Data extracted from a collection:
□ □ □ □
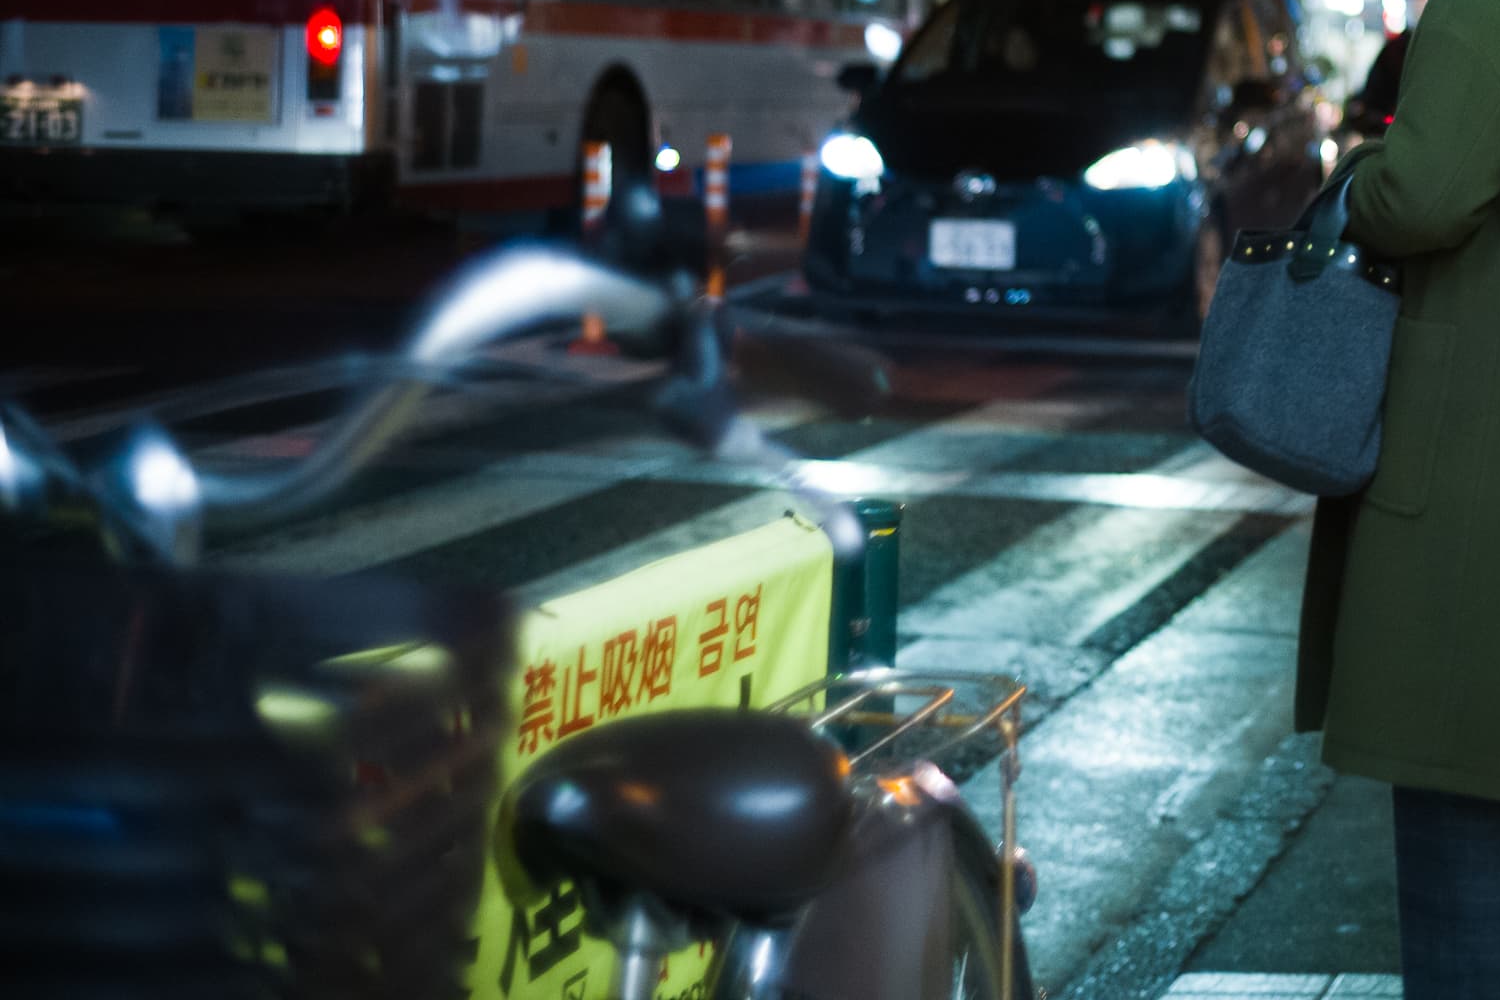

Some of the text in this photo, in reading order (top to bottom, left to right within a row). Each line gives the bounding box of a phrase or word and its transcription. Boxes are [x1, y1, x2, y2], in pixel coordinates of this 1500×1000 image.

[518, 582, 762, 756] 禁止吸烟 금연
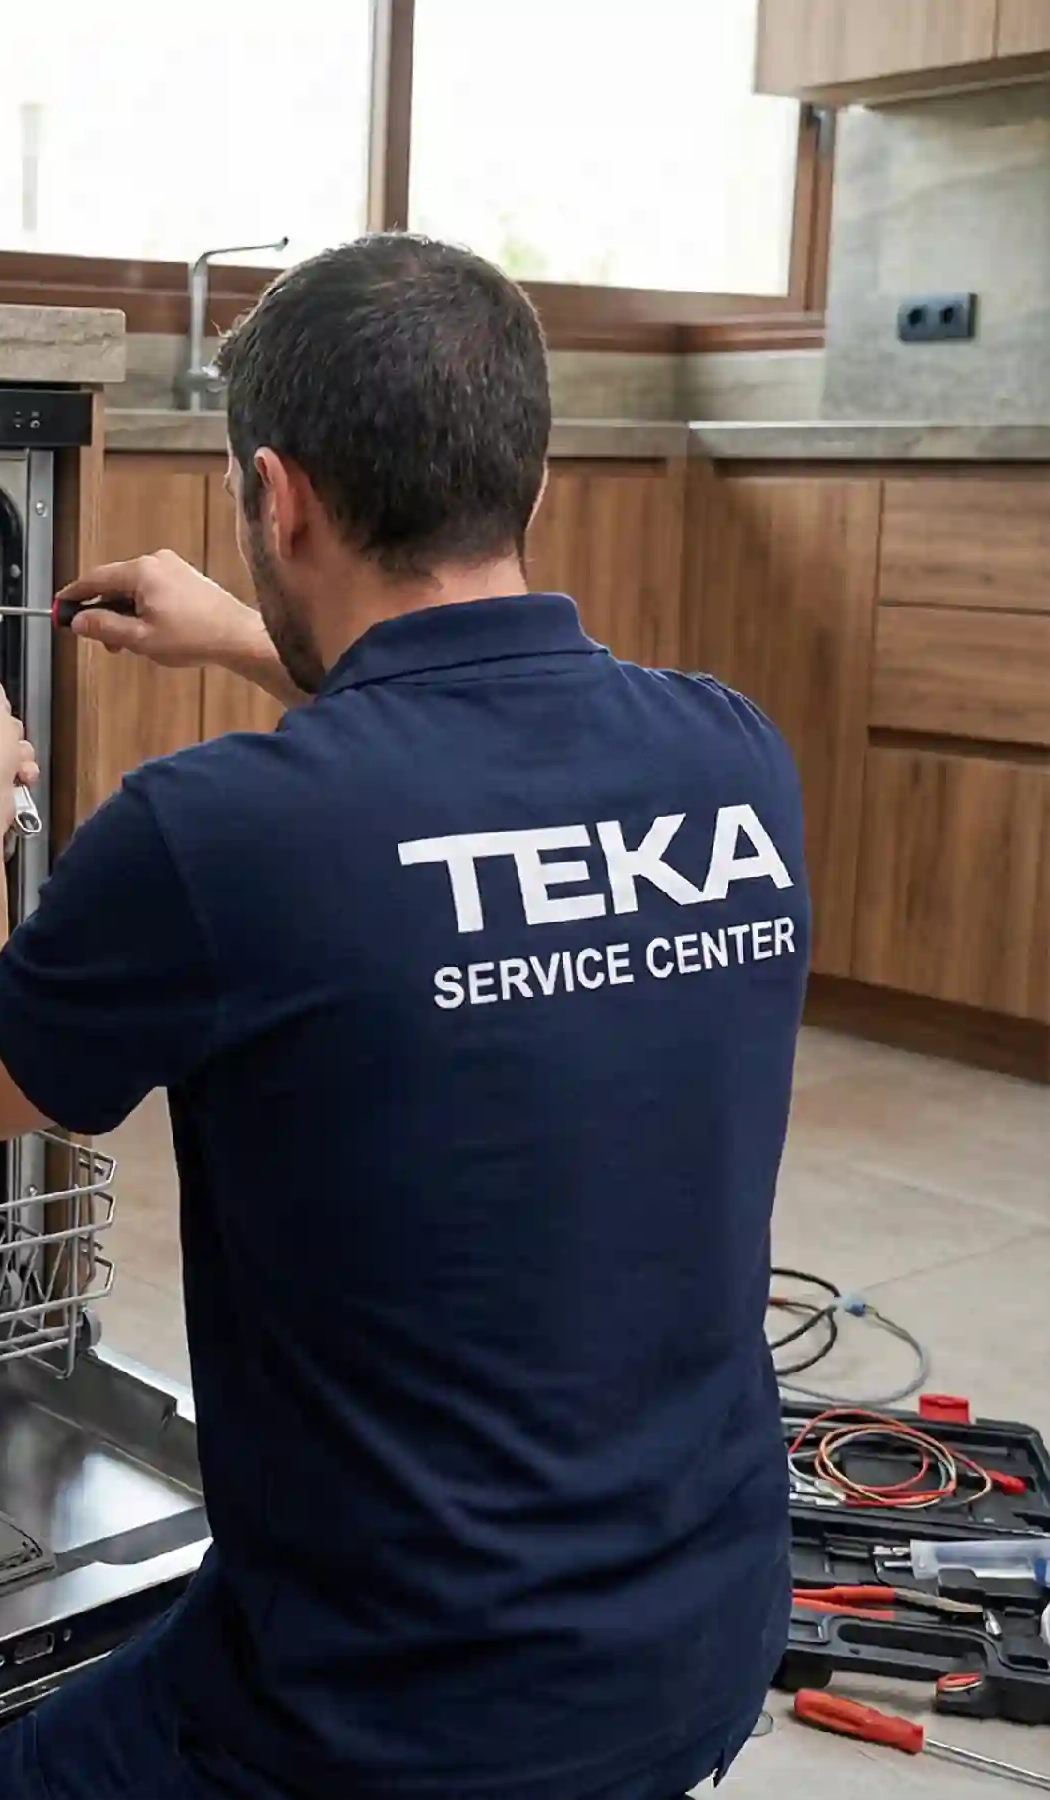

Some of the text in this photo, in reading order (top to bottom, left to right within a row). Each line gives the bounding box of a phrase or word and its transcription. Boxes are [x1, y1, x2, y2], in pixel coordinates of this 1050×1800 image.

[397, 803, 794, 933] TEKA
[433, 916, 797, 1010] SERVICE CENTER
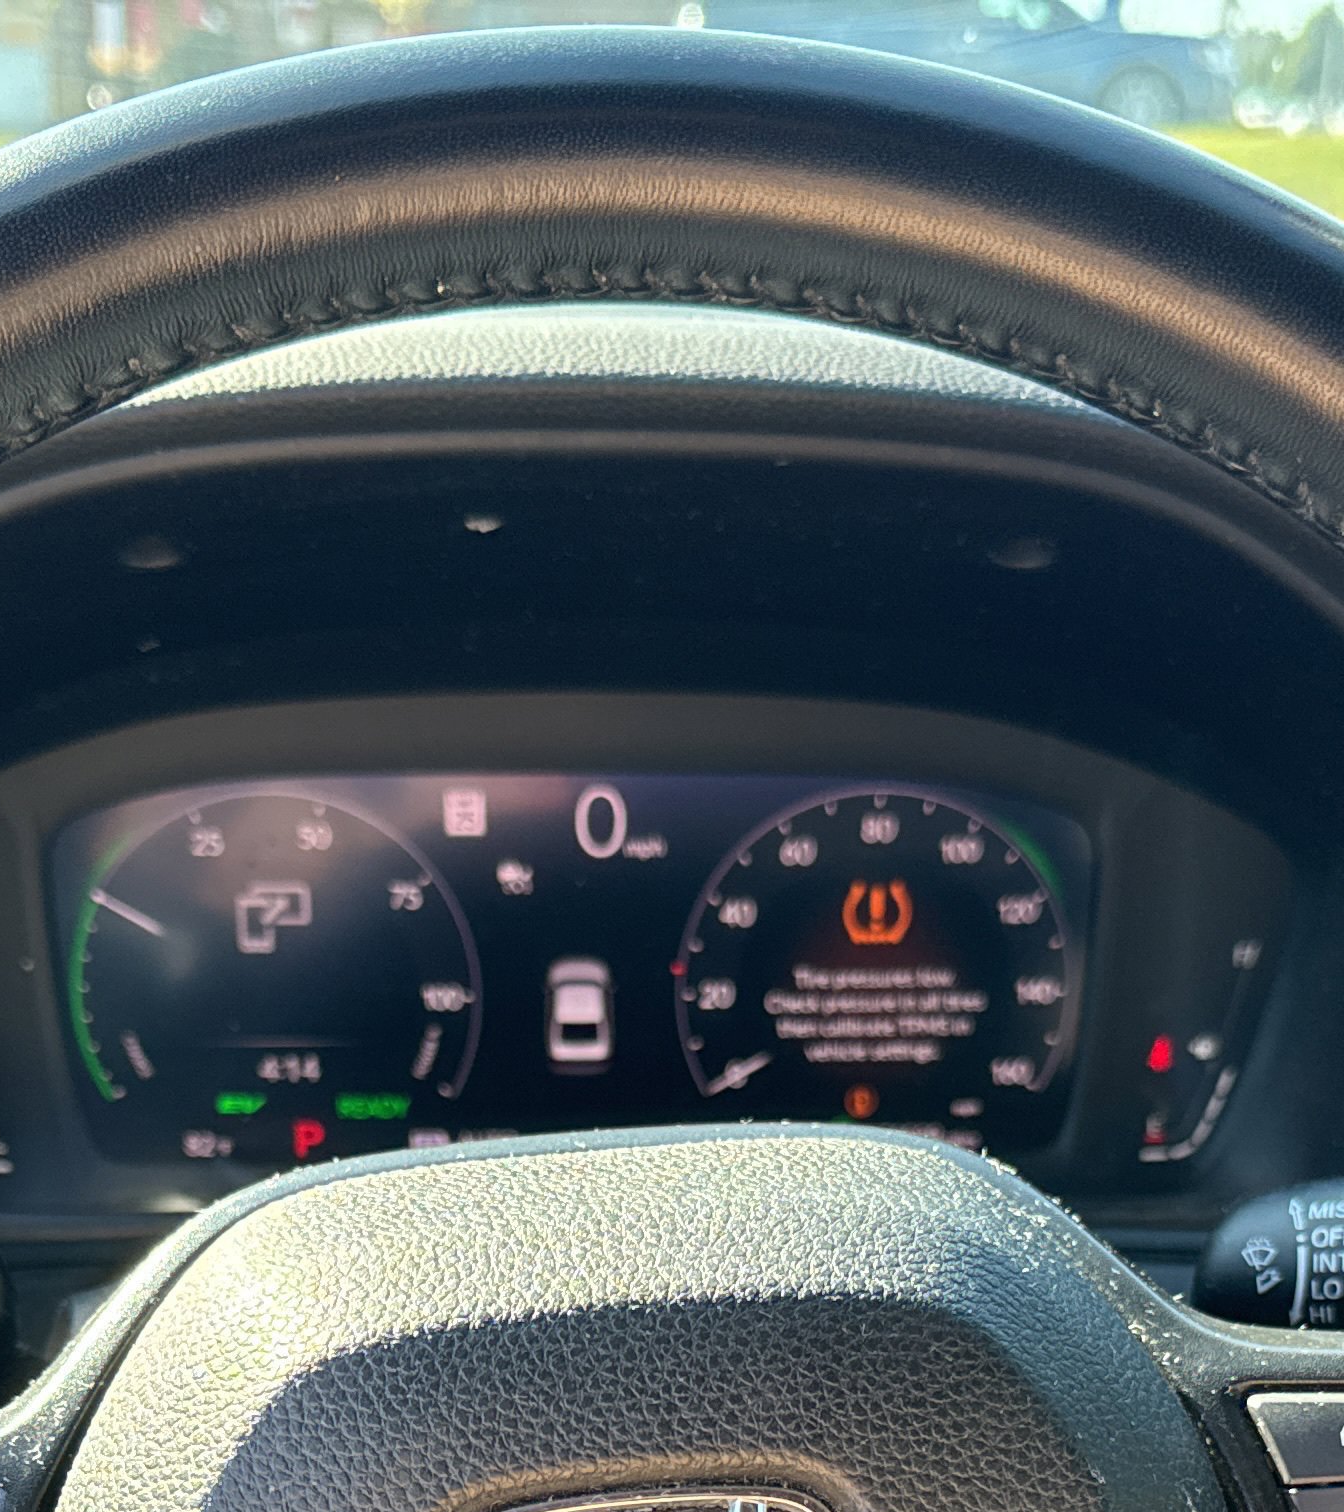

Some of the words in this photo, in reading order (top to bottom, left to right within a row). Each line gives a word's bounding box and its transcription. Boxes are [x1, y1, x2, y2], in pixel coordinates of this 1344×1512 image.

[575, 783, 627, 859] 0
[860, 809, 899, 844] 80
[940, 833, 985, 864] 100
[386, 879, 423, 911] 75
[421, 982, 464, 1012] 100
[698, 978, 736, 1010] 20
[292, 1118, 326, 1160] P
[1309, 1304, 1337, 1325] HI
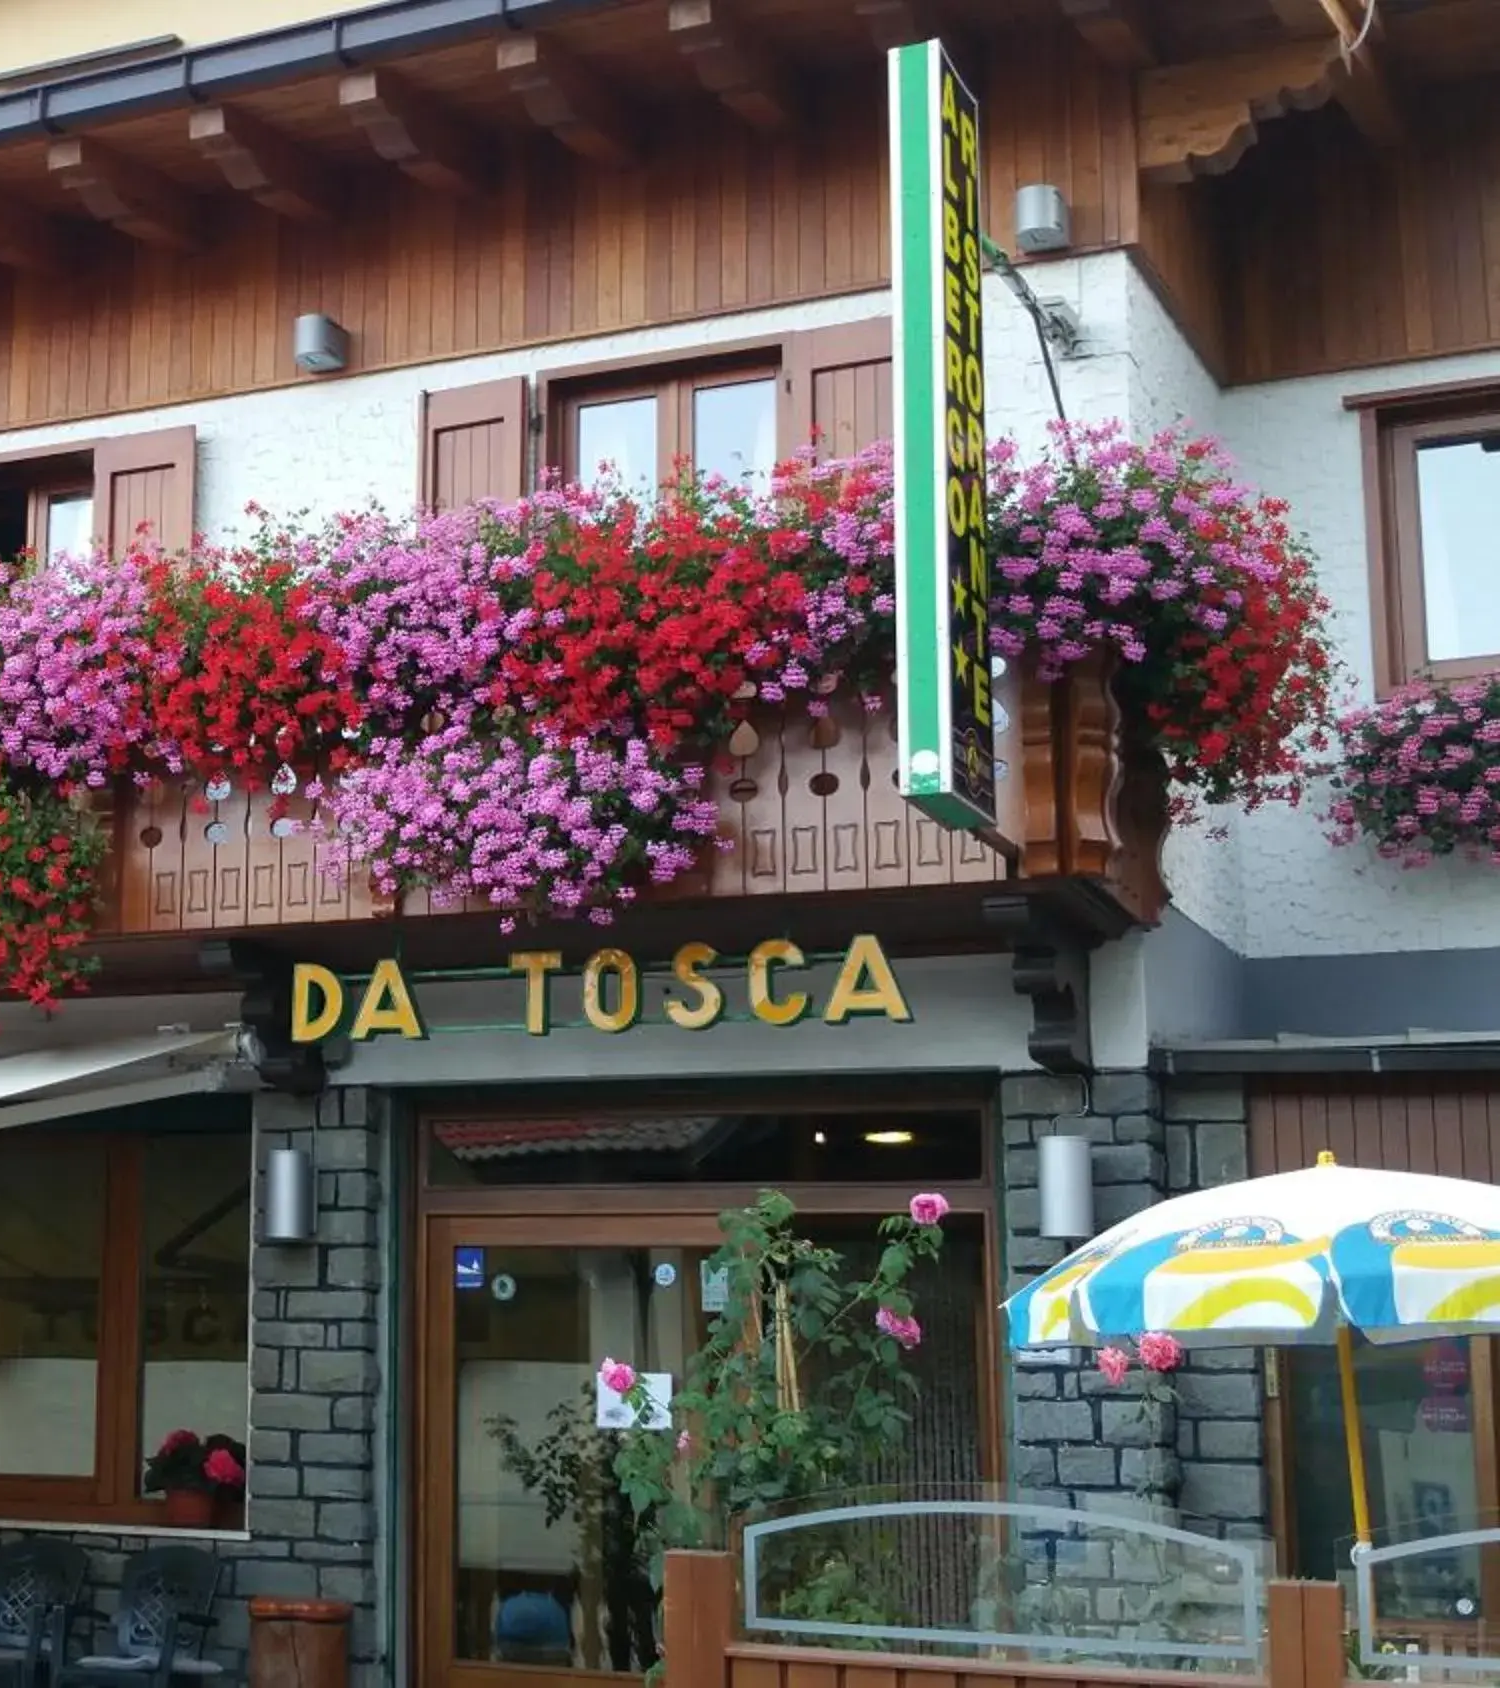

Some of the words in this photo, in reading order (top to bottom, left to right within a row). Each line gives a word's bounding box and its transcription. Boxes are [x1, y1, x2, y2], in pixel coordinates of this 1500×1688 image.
□ □ □ □
*Try it*.
Print each record exactly as it stands, omitting the pictures.

*Exercise response*.
Some of the text in this photo, in reading order (top to bottom, left to right within a row). Each line gives the bounding box of a phrase or word and its transcription. Boxes are [x1, y1, x2, y2], in pixel coordinates of this 1500×1000 image.

[518, 582, 762, 756] 禁止吸烟 금연

Some of the text in this photo, in reading order (top to bottom, left to right within a row). Each line gives the bounding box of a phrase or word and its transcription. Boxes are [x1, y1, x2, y2], in pixel coordinates of this 1050×1800 image.

[397, 803, 794, 933] TEKA
[433, 916, 797, 1010] SERVICE CENTER

Some of the words in this photo, in reading order (top to bottom, left to right within a row). Each line gives a word's bounding box and its transcription. Boxes are [x1, y1, x2, y2], in pixel coordinates of this 1344×1512 image.

[575, 783, 627, 859] 0
[860, 809, 899, 844] 80
[940, 833, 985, 864] 100
[386, 879, 423, 911] 75
[421, 982, 464, 1012] 100
[698, 978, 736, 1010] 20
[292, 1118, 326, 1160] P
[1309, 1304, 1337, 1325] HI

Some of the words in this photo, in reading order (top to bottom, left to right within a row). Each line gives a word's bounding box and its transcription. Boxes are [x1, y1, x2, y2], in pixel coordinates of this 1500×1688 image.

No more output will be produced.